An exact copy of every record below is required, with the pictures left out.

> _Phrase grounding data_
__________

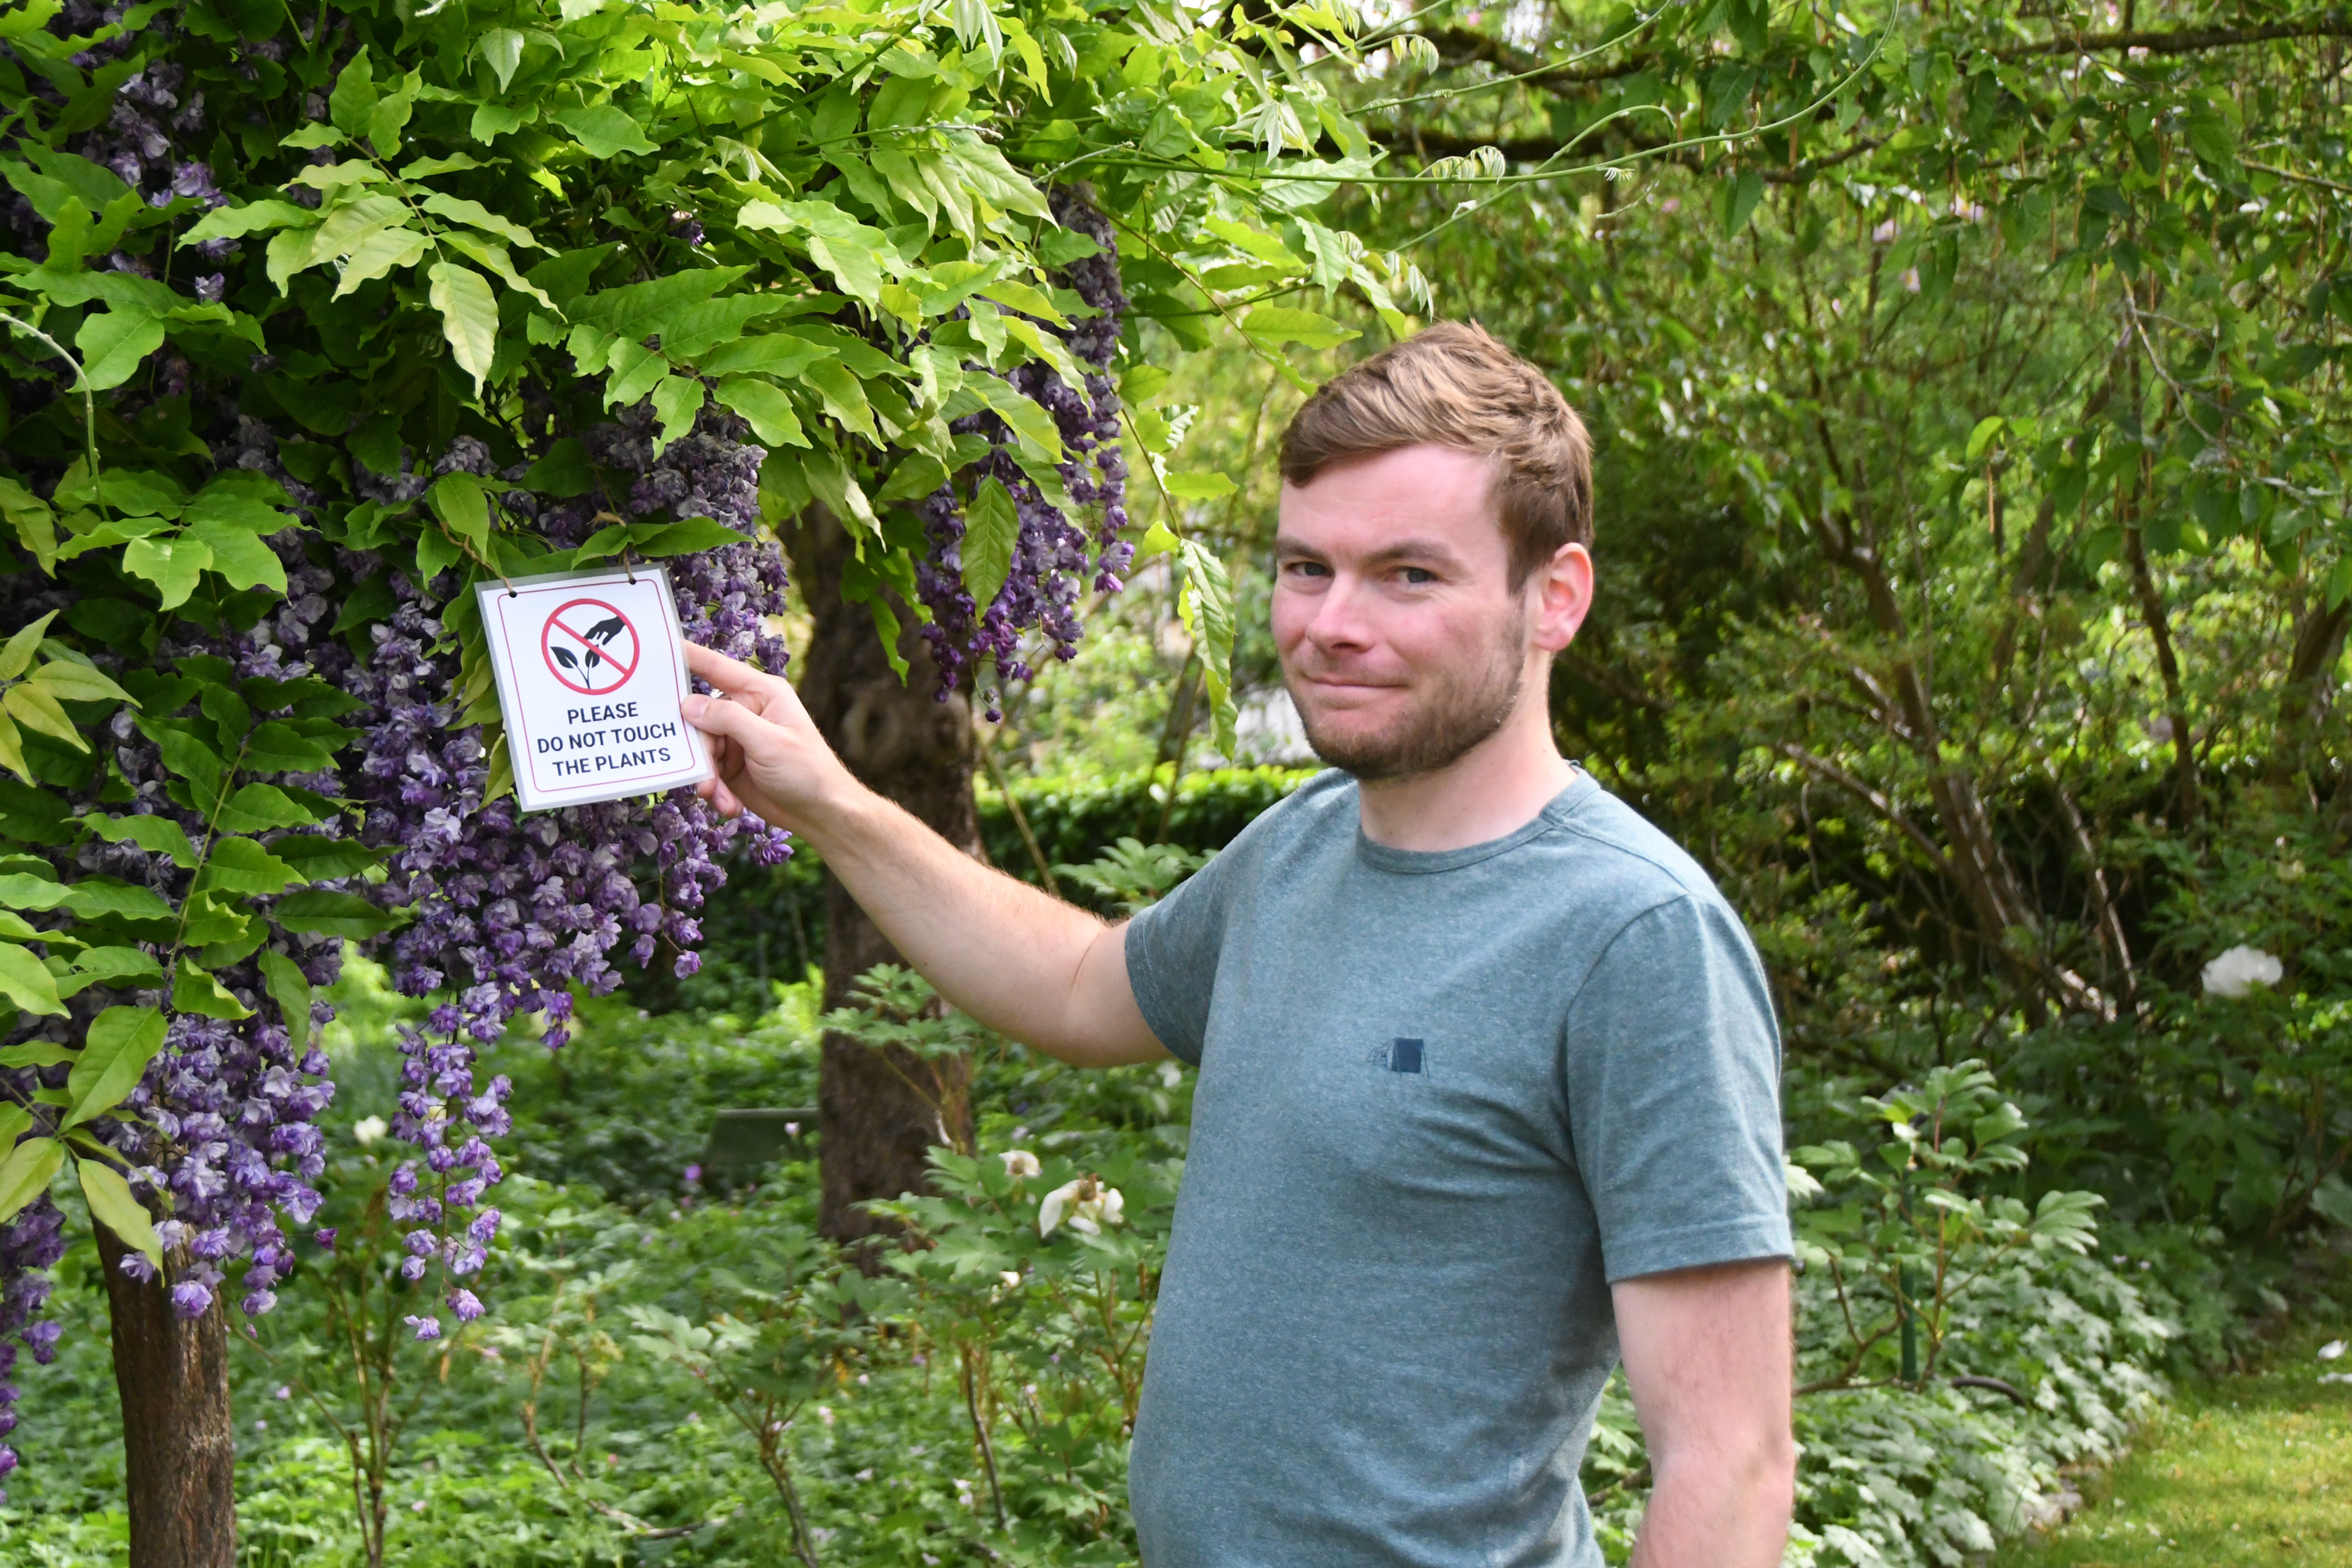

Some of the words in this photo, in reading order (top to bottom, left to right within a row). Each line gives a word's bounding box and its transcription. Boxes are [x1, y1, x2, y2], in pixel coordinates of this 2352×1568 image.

[567, 702, 639, 724] PLEASE
[537, 736, 564, 753] DO
[569, 731, 606, 750] NOT
[611, 722, 676, 744] TOUCH
[553, 757, 592, 777] THE
[596, 747, 671, 772] PLANTS

__________

> _TASK RESPONSE_
Some of the words in this photo, in reading order (top to bottom, left to right within a row). Each line gives a word's bounding box and its transcription. Boxes are [x1, y1, x2, y2], in pixel coordinates of this 2352×1568 image.

[567, 702, 639, 724] PLEASE
[537, 736, 564, 753] DO
[569, 731, 606, 750] NOT
[611, 722, 676, 744] TOUCH
[553, 757, 592, 777] THE
[596, 747, 671, 772] PLANTS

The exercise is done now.